Focus Turns To Inflation
With customer behavior normalizing post COVID, the focus is now rapidly turning toward inflation and the real-terms squeeze in household income. For Tesco, that obviously has potential implications on the customer side of the equation, with management already noting that consumers are trading down:
What we have seen is reasonably early signs that where there are heightened levels of inflation in staples, such as bread and pasta, we are seeing the customer choose their own brand or the entry level brand variety, and to help them manage their overall basket cost .
Ken Murphy, CEO
On top of that, inflation will also feed through to the firm’s cost base, with obvious upward pressure in energy and labor costs for example, and that has contributed to profit guidance that is slightly below last year’s level.
The firm does have some levers to pull – its £ 1B, three-year cost savings program will help offset inflation a little – and FY2022 / 23 profit and cash flow guidance so far remains unchanged from the start of the fiscal year, but it is definitely something to keep an eye on as the year progresses.

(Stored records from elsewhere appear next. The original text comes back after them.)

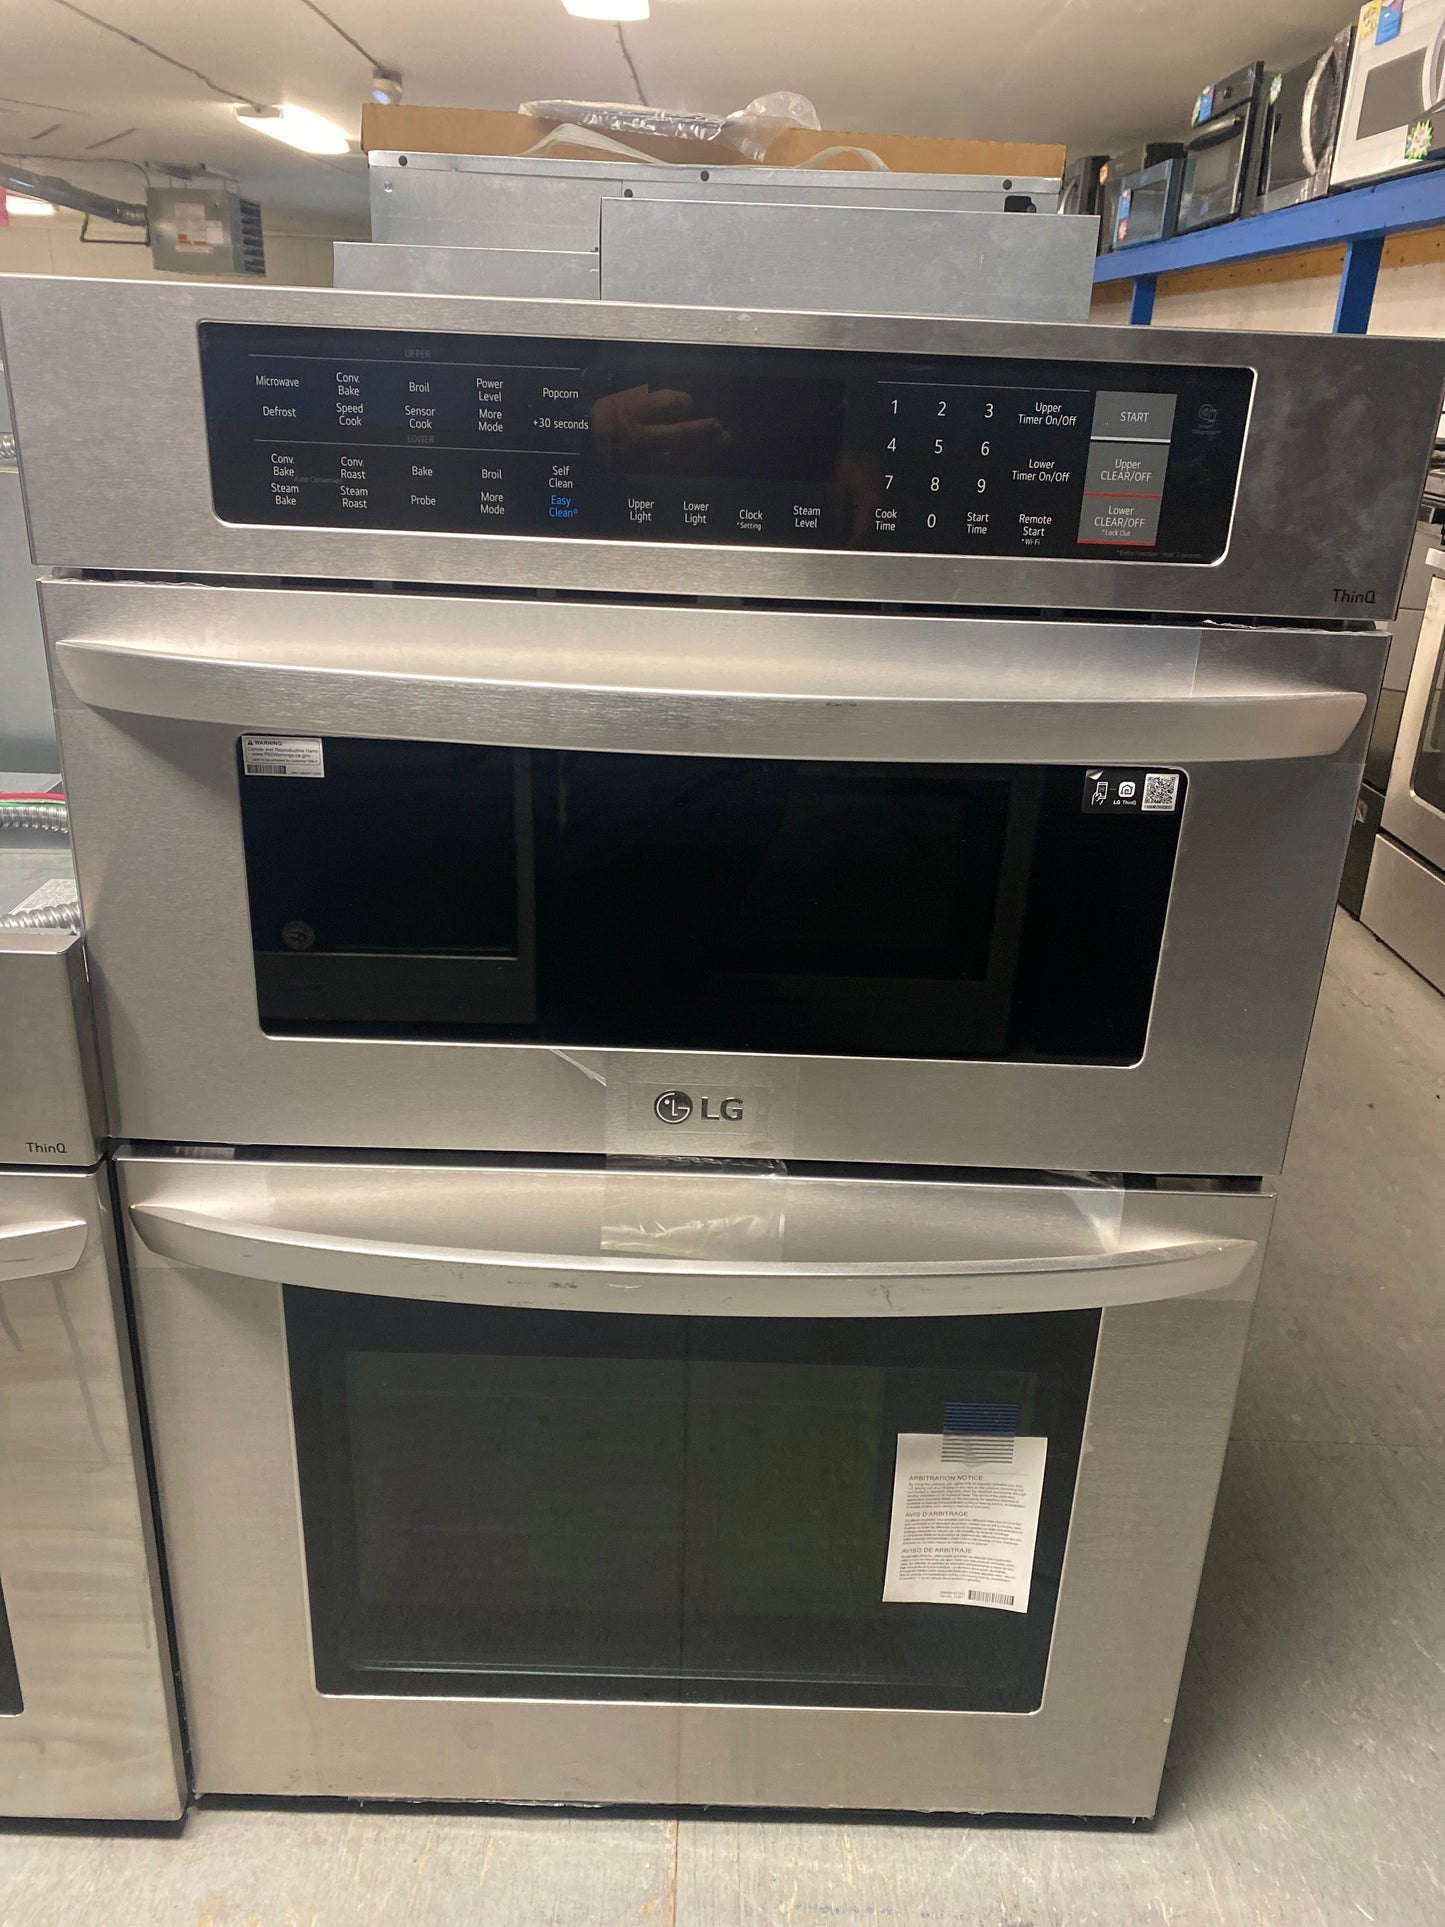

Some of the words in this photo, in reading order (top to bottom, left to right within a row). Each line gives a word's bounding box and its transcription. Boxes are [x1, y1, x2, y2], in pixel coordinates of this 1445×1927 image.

[256, 376, 299, 387] Microwave
[336, 372, 359, 382] Conv.
[409, 382, 429, 392] Broil
[477, 378, 503, 389] Power
[338, 385, 359, 395] Bake
[543, 388, 578, 400] Popcorn
[479, 391, 501, 401] Level
[263, 406, 296, 417] Defrost
[336, 403, 363, 416] Speed
[405, 405, 435, 416] Sensor
[892, 400, 897, 414] 1
[938, 402, 946, 416] 2
[985, 403, 993, 418] 3
[1036, 402, 1062, 414] Upper
[480, 409, 502, 419] More
[1121, 412, 1149, 422] START
[339, 415, 361, 425] Cook
[410, 418, 432, 429] Cook
[533, 418, 551, 429] +30
[554, 420, 588, 429] seconds
[1019, 413, 1043, 424] Timer
[1046, 415, 1077, 426] On/Off
[479, 421, 503, 431] Mode
[887, 438, 896, 451] 4
[935, 440, 942, 454] 5
[982, 442, 989, 455] 6
[271, 454, 294, 464] Conv.
[341, 457, 364, 466] Conv.
[1029, 459, 1055, 469] Lower
[1115, 459, 1141, 471] Upper
[274, 466, 294, 476] Bake
[341, 469, 365, 479] Roast
[412, 466, 432, 476] Bake
[482, 469, 502, 479] Broil
[553, 466, 569, 475] Self
[1013, 471, 1036, 480] Timer
[1039, 472, 1070, 482] On/Off
[1101, 470, 1152, 482] CLEAR/OFF
[549, 478, 573, 488] Clean
[885, 475, 893, 489] 7
[931, 477, 939, 491] 8
[978, 479, 985, 493] 9
[271, 483, 299, 493] Steam
[340, 486, 368, 495] Steam
[276, 495, 296, 505] Bake
[411, 495, 436, 505] Probe
[481, 492, 503, 502] More
[552, 495, 571, 508] Easy
[343, 498, 367, 508] Roast
[629, 498, 654, 510] Upper
[684, 501, 709, 511] Lower
[481, 504, 504, 514] Mode
[794, 505, 820, 515] Steam
[876, 509, 897, 518] Cook
[1109, 506, 1134, 515] Lower
[630, 511, 651, 523] Light
[685, 513, 706, 525] Light
[740, 510, 762, 519] Clock
[967, 512, 989, 522] Start
[1019, 514, 1052, 524] Remote
[795, 518, 817, 527] Level
[875, 521, 895, 530] Time
[1095, 517, 1145, 528] CLEAR/OFF
[967, 524, 987, 534] Time
[1023, 526, 1045, 536] Start
[1333, 589, 1376, 603] ThinQ
[701, 1096, 743, 1120] LG
[26, 1142, 67, 1154] ThinQ
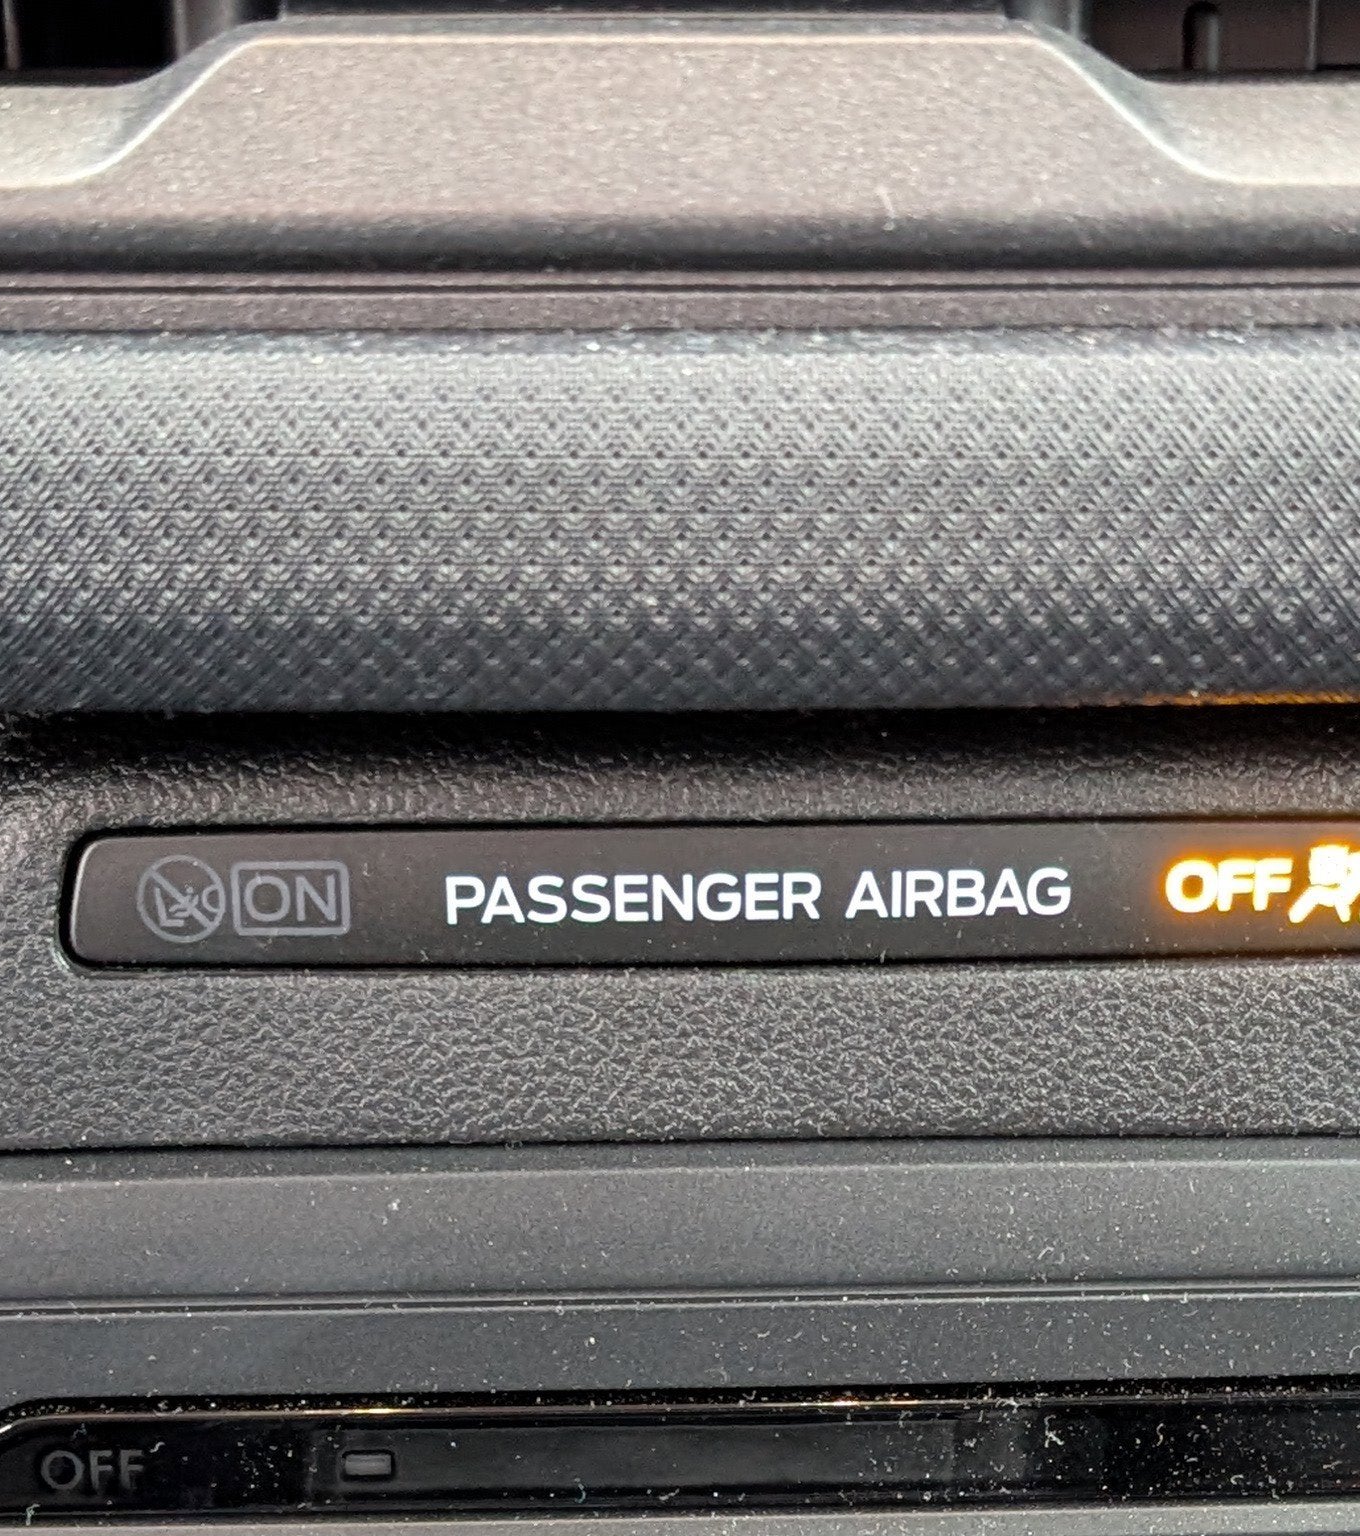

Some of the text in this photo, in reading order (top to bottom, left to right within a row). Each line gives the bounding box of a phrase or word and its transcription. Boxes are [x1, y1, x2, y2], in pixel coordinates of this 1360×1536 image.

[243, 874, 337, 923] ON
[444, 867, 1072, 926] PASSENGER AIRBAG
[1164, 857, 1294, 913] OFF
[40, 1448, 145, 1491] OFF
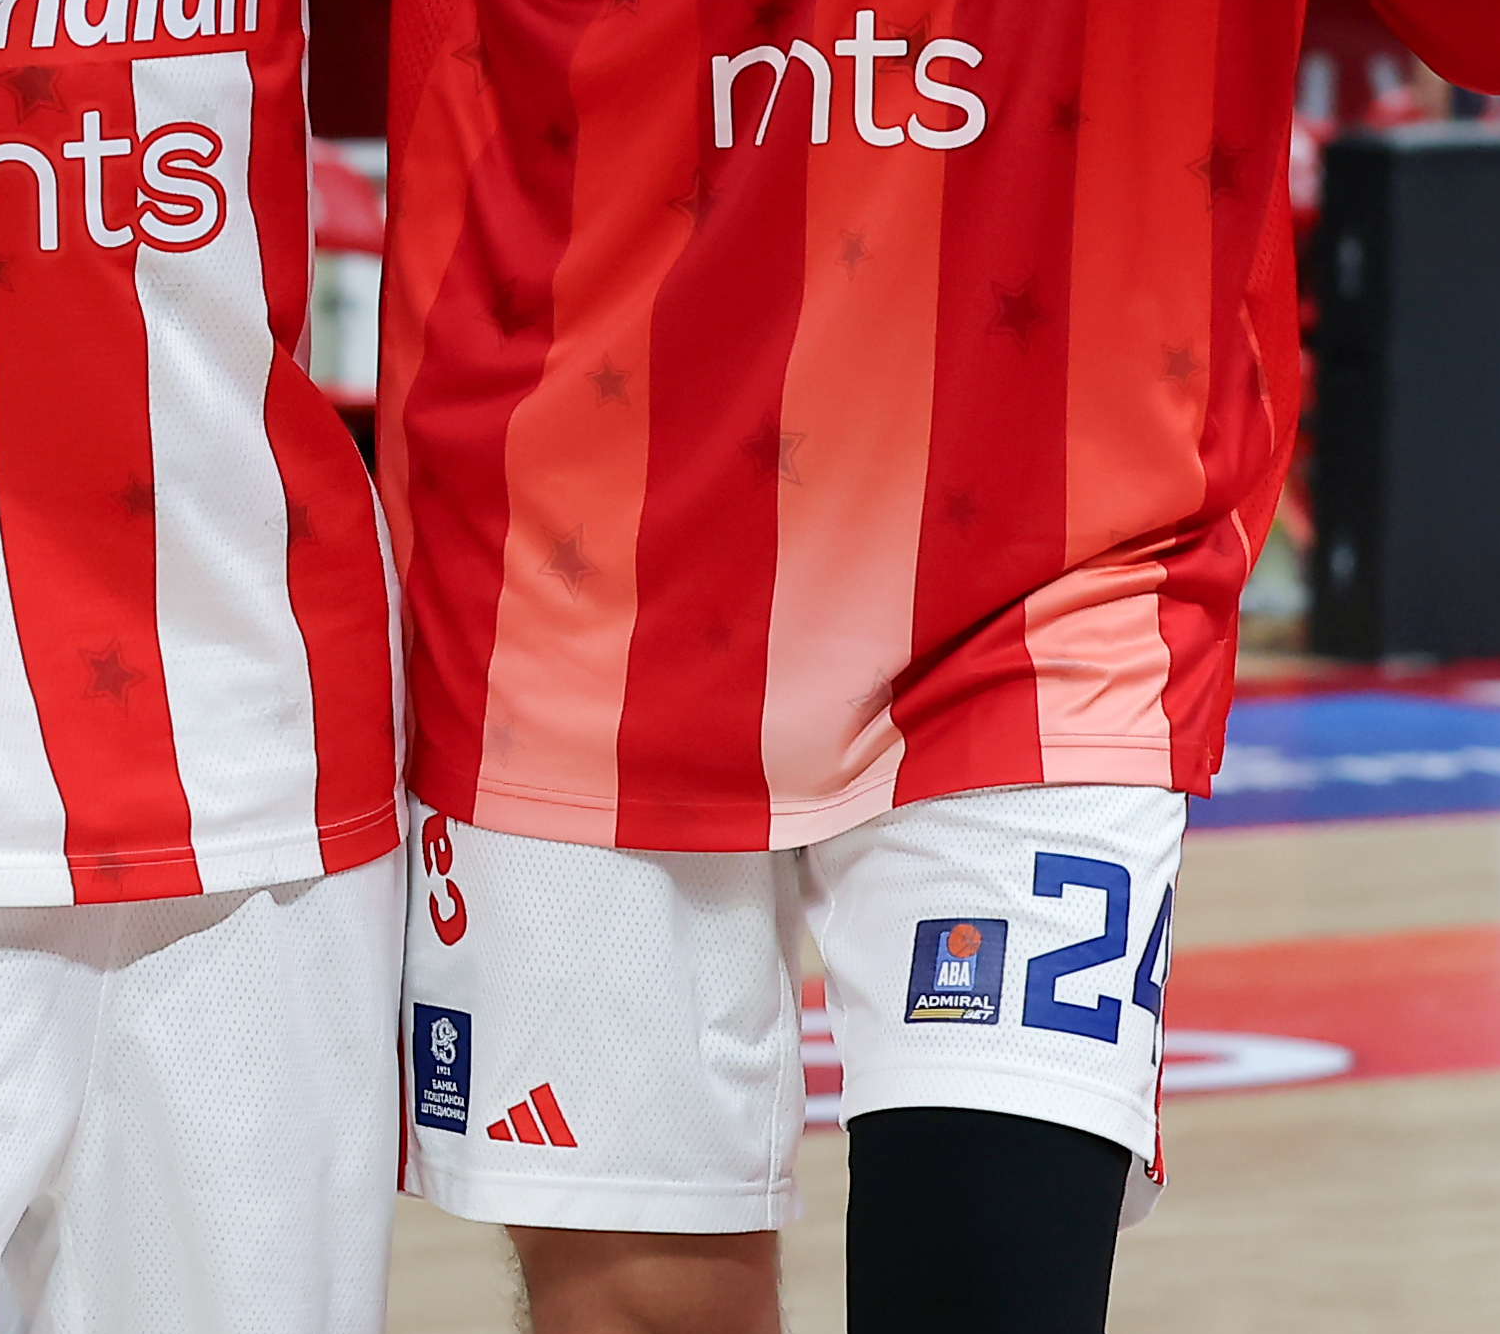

Shares Still At An Undemanding Valuation
While inflation is clearly posing a challenge, it’s not all bad news here. Capital returns have been upped significantly for one, with management announcing an initial £ 500m share buyback program alongside interim FY2021 / 22 results in September. Management confirmed that £ 300m of that had been used to purchase the company’s shares as of April 2022, before committing to an additional £ 750m (~ 5% of shares in issue) before April 2023. All in, that £ 1.05B would be good for around 7% of the pre-buyback share count. Management also upped the dividend, with the 10.9 pence per share full-year payout representing about 20% growth year-on-year. The yield is currently 4.3%.
More importantly, these shares remain at a fairly undemanding valuation, currently trading at just under 12x FY2022 / 23 EPS estimates. Margins are fragile, competition with the discounters is fierce and inflation hasn’t peaked in the UK yet, but retail and bank operating profit guidance remains in place at ~ £ 2.5B and ~ £ 140m respectively, as does retail free cash flow in the £ 1.4B to £ 1.8B range. Discounting low single-digit annualized growth on top of that gets me to a fair value in the £ 2.70 per share area, around 7% higher than the current price in London trading. With implied high single-digit annualized returns in GBP terms, these shares continue to look undemanding for value investors, while the GBP’s slide versus the USD means that US-based investors can currently get British assets on the cheap. Buy.